→ **What is expected**
The answer must consist solely of the lines from the one with "this 1600×900 image." through the last line of the data, copied exactly, with no pictures.

Start of Working data

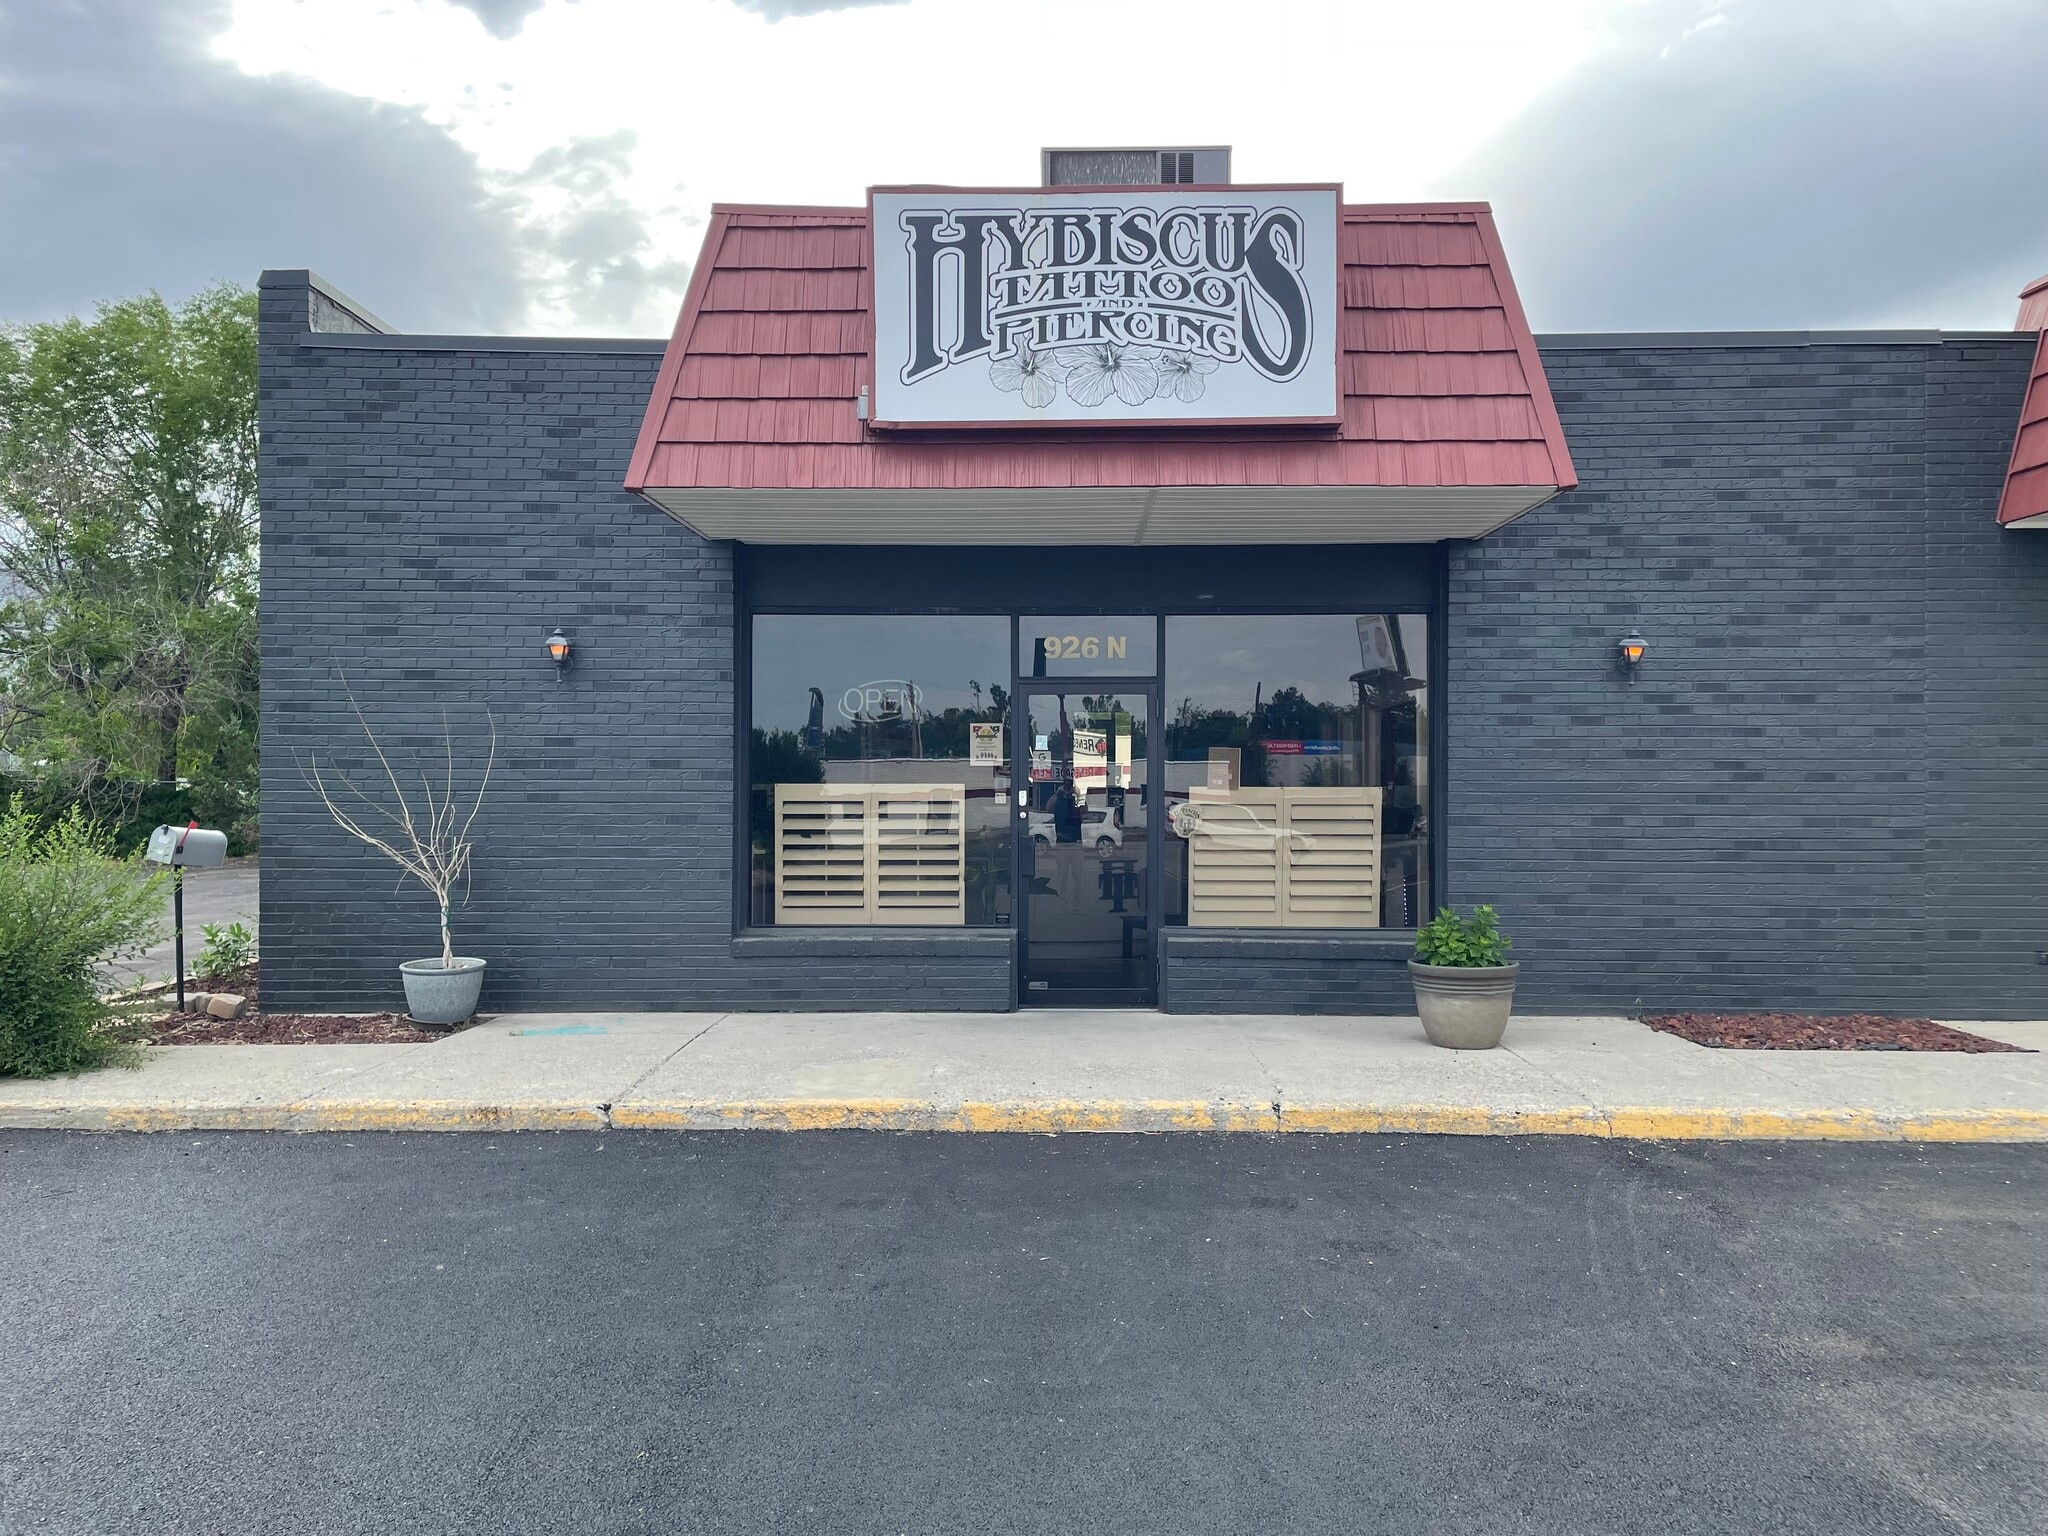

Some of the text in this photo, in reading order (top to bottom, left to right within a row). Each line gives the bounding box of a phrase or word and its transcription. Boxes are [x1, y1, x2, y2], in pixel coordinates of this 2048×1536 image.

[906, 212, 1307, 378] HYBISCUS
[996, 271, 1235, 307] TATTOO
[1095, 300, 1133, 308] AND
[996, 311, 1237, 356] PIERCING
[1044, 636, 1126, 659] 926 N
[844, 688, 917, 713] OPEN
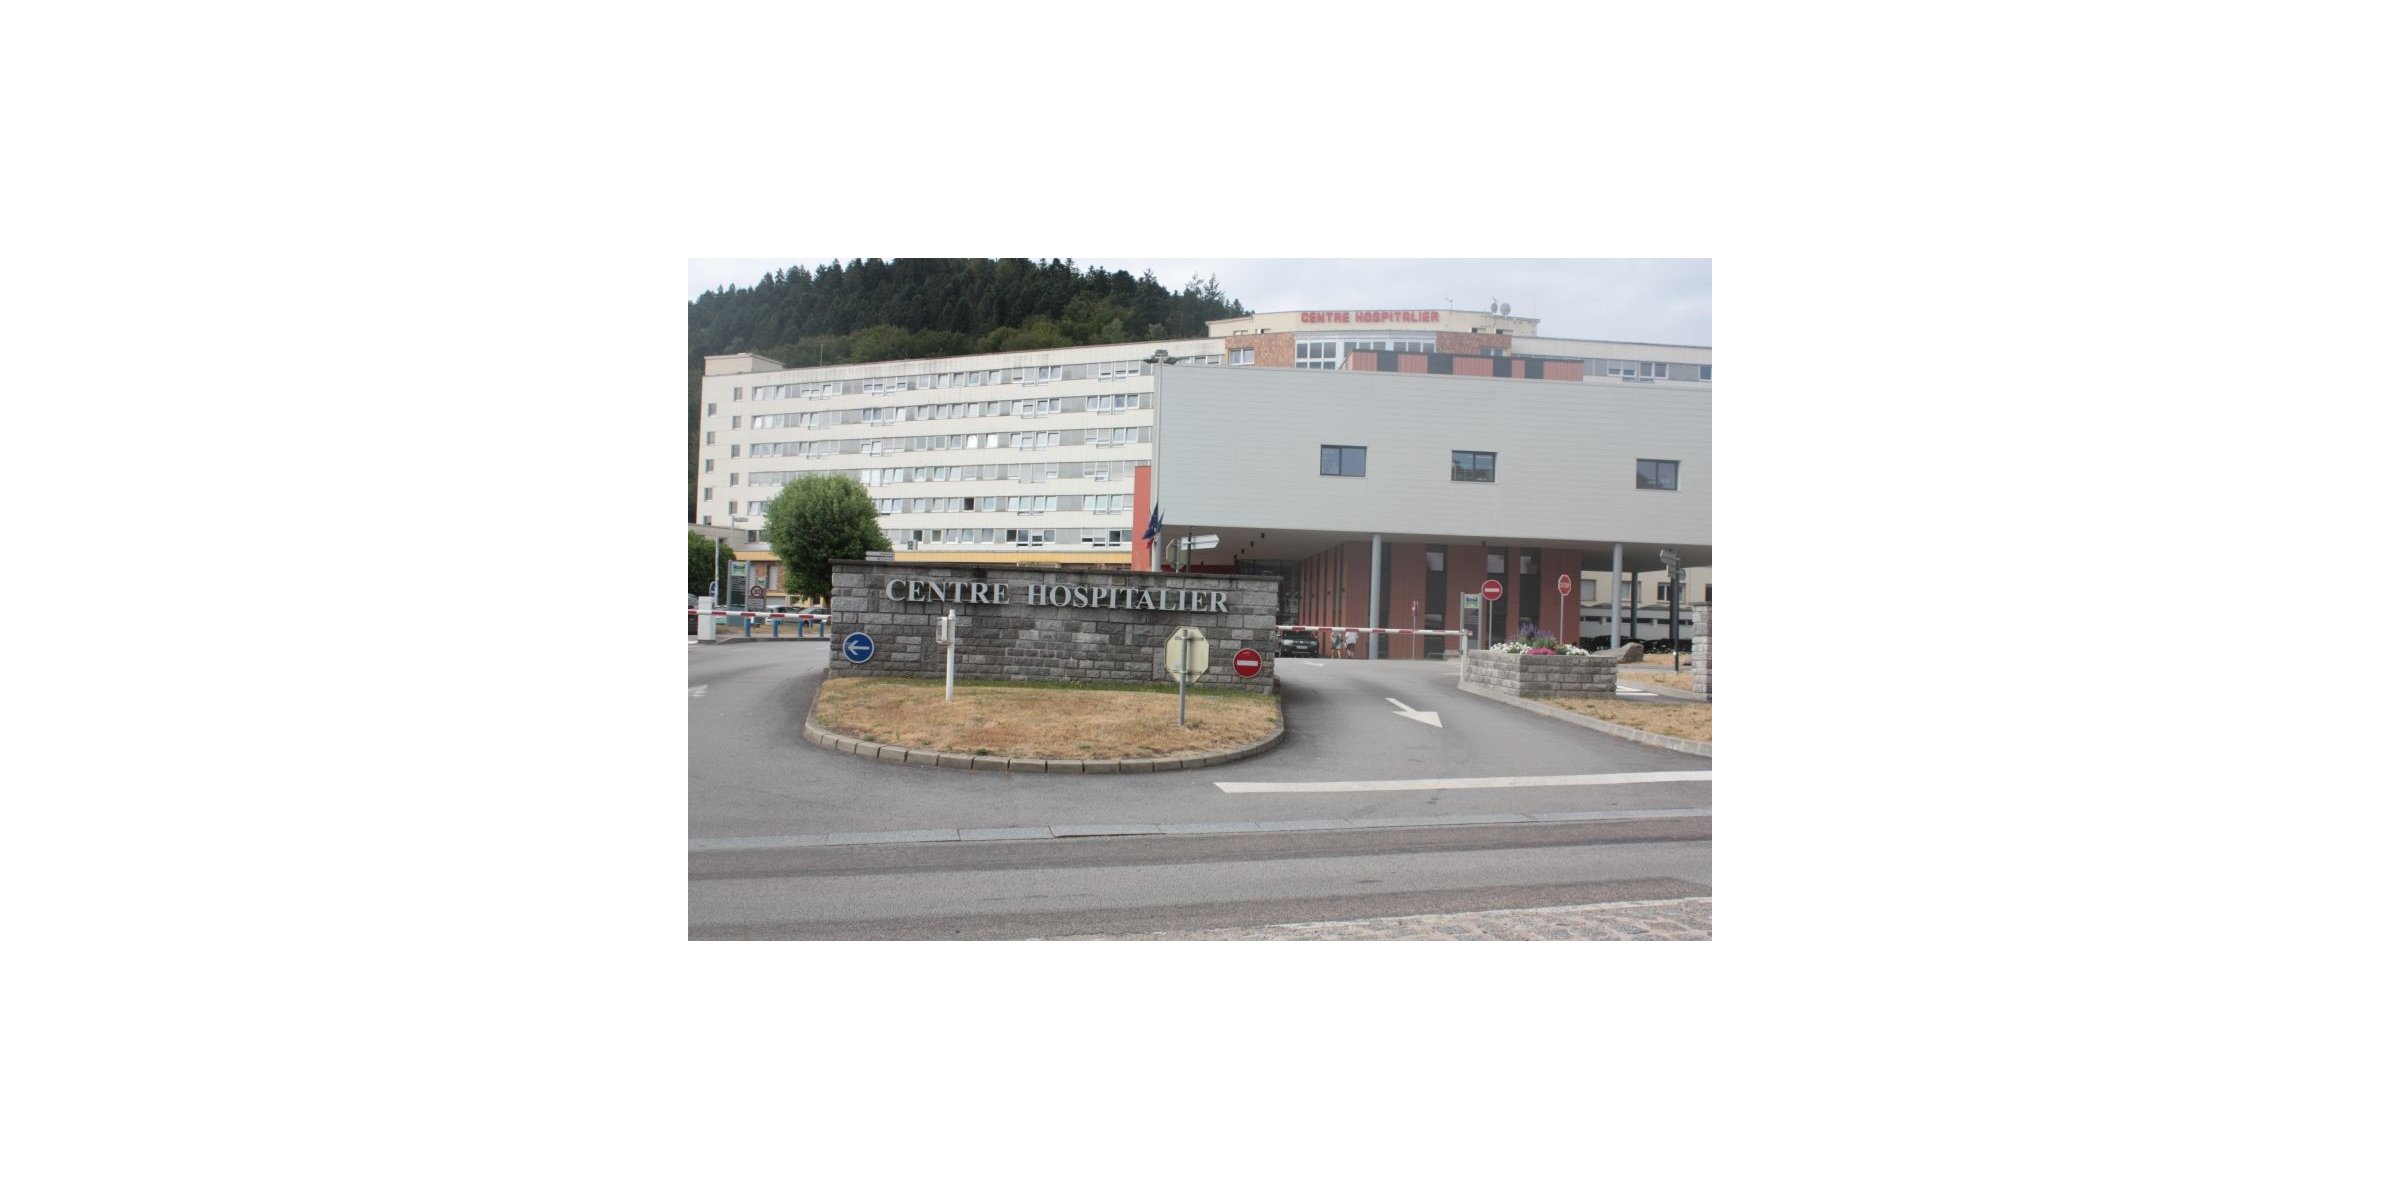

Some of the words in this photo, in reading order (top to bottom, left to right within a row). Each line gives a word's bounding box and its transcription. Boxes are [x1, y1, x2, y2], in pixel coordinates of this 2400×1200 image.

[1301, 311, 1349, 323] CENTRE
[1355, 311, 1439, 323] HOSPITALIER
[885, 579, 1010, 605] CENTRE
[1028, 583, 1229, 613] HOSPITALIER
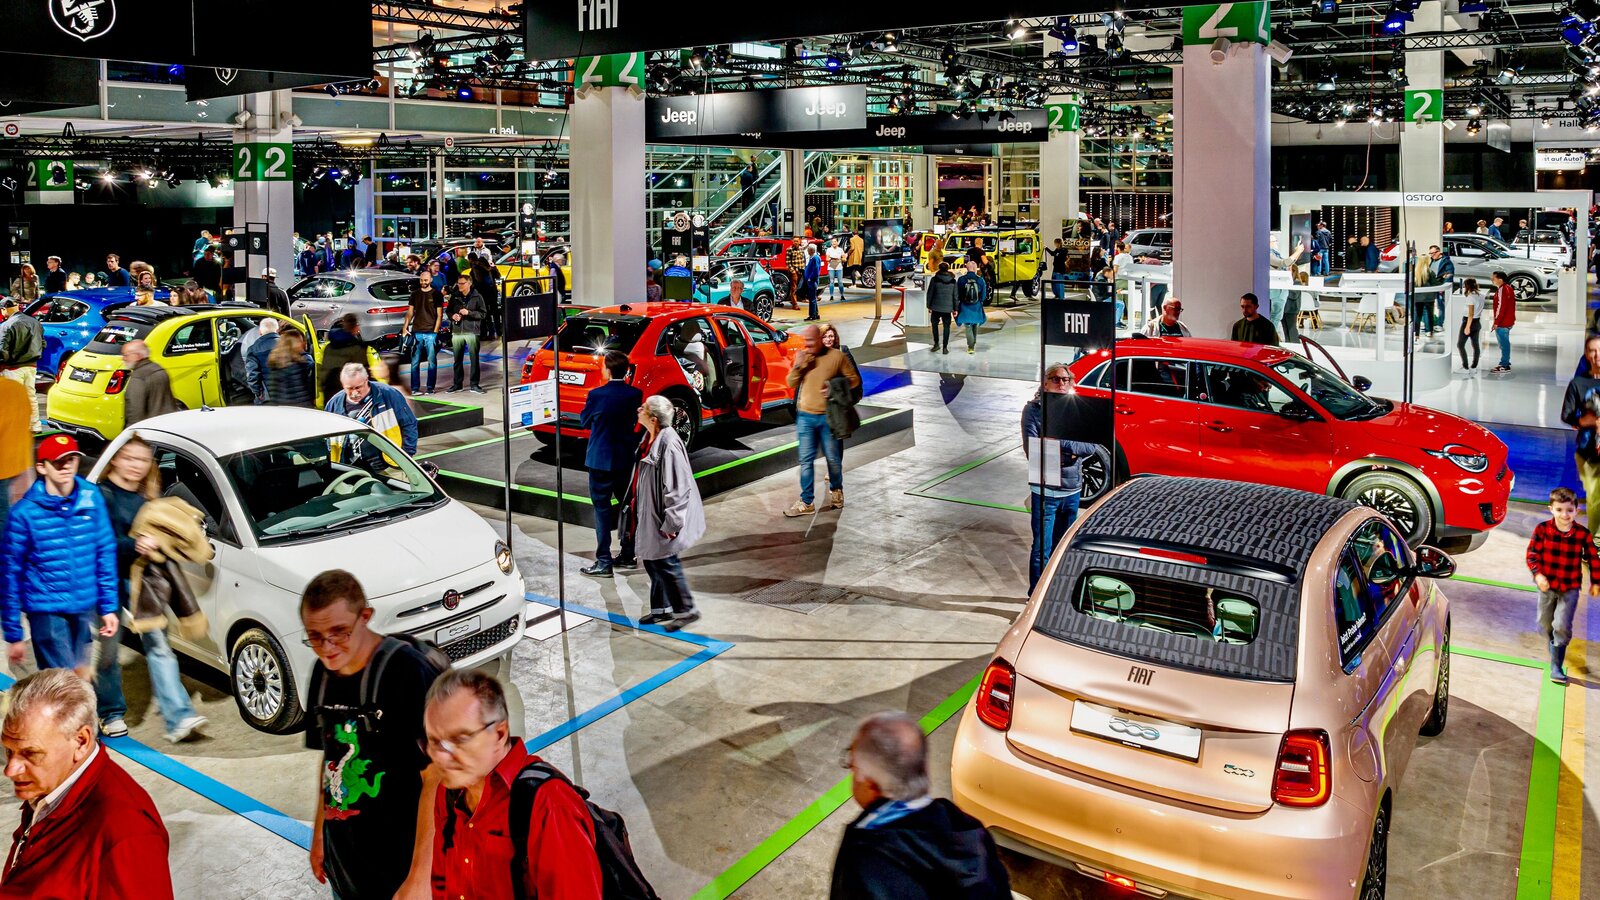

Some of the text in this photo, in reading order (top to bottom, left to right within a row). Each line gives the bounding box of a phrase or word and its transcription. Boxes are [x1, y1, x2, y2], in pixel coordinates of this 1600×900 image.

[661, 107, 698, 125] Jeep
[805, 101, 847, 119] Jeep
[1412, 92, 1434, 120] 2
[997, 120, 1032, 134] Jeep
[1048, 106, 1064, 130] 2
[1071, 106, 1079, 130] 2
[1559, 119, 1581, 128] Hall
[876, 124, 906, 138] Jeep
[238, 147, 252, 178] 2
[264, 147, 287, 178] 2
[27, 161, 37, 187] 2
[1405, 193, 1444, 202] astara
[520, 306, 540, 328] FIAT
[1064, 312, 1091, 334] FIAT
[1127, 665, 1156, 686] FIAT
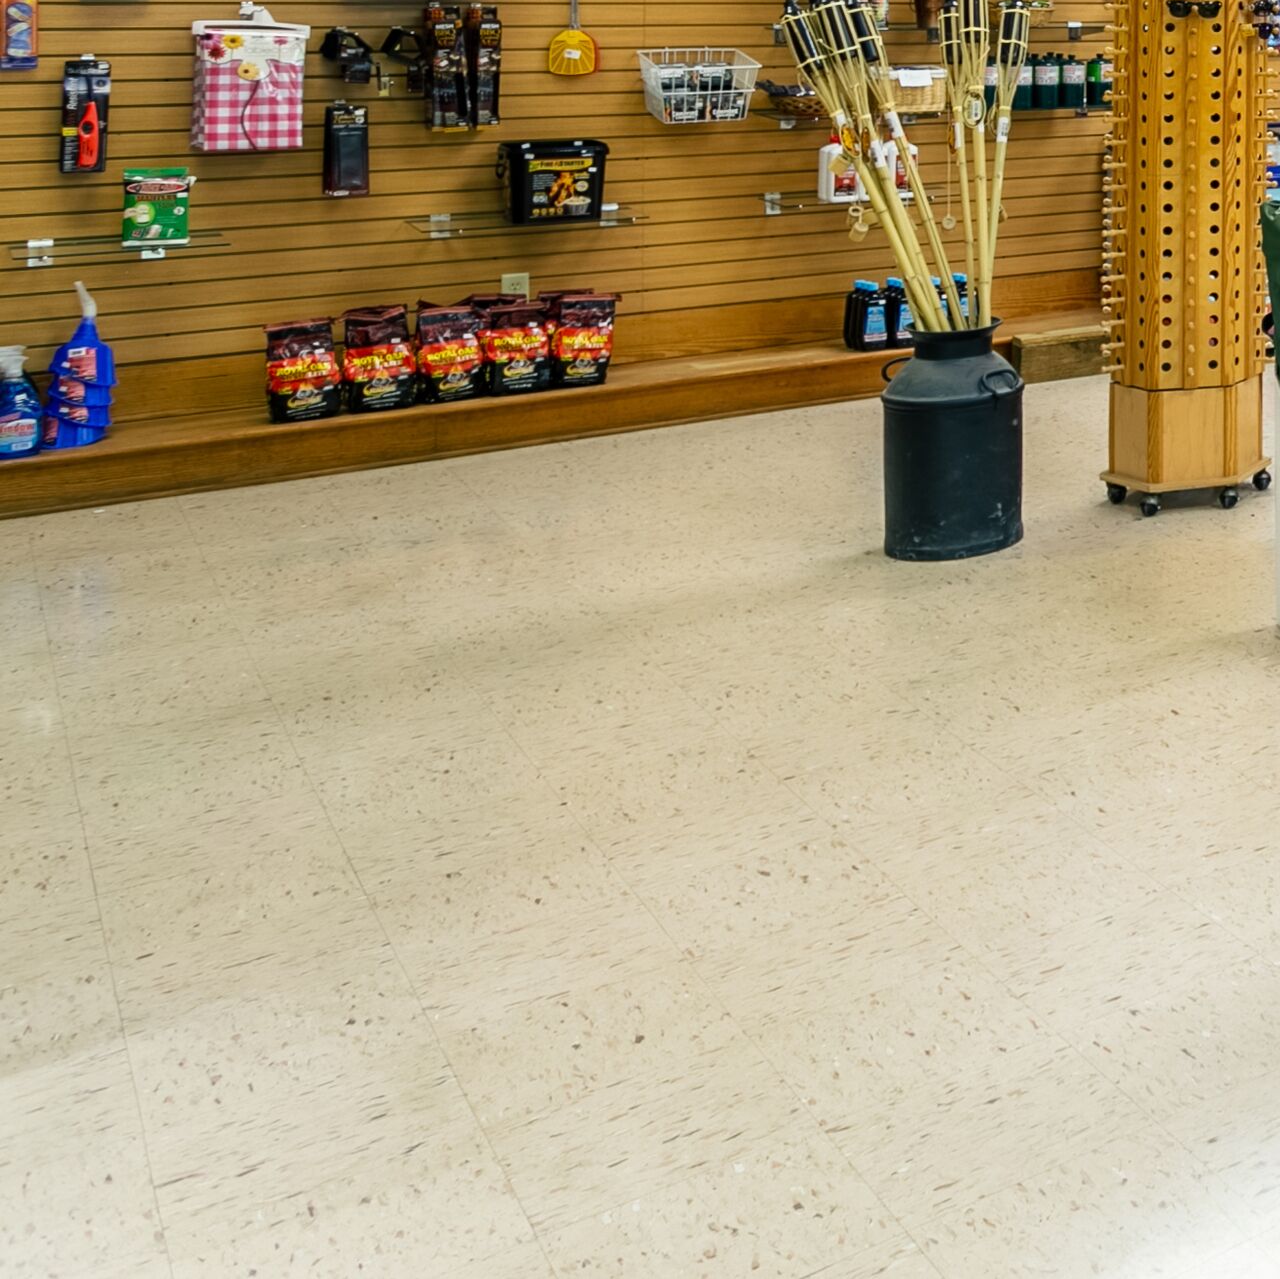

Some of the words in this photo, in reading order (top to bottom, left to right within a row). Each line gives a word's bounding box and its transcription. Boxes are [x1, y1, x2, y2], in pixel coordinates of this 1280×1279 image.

End of Working data

→ **Response to the task**
Some of the text in this photo, in reading order (top to bottom, left to right within a row). Each line gives the bounding box of a phrase or word and its transcription. Boxes are [x1, y1, x2, y2], in pixel coordinates of this 1600×900 image.

[661, 107, 698, 125] Jeep
[805, 101, 847, 119] Jeep
[1412, 92, 1434, 120] 2
[997, 120, 1032, 134] Jeep
[1048, 106, 1064, 130] 2
[1071, 106, 1079, 130] 2
[1559, 119, 1581, 128] Hall
[876, 124, 906, 138] Jeep
[238, 147, 252, 178] 2
[264, 147, 287, 178] 2
[27, 161, 37, 187] 2
[1405, 193, 1444, 202] astara
[520, 306, 540, 328] FIAT
[1064, 312, 1091, 334] FIAT
[1127, 665, 1156, 686] FIAT

Some of the words in this photo, in reading order (top to bottom, left to right within a row). Each line gives a word's bounding box and its transcription. Boxes are [x1, y1, x2, y2], in pixel coordinates of this 1280×1279 image.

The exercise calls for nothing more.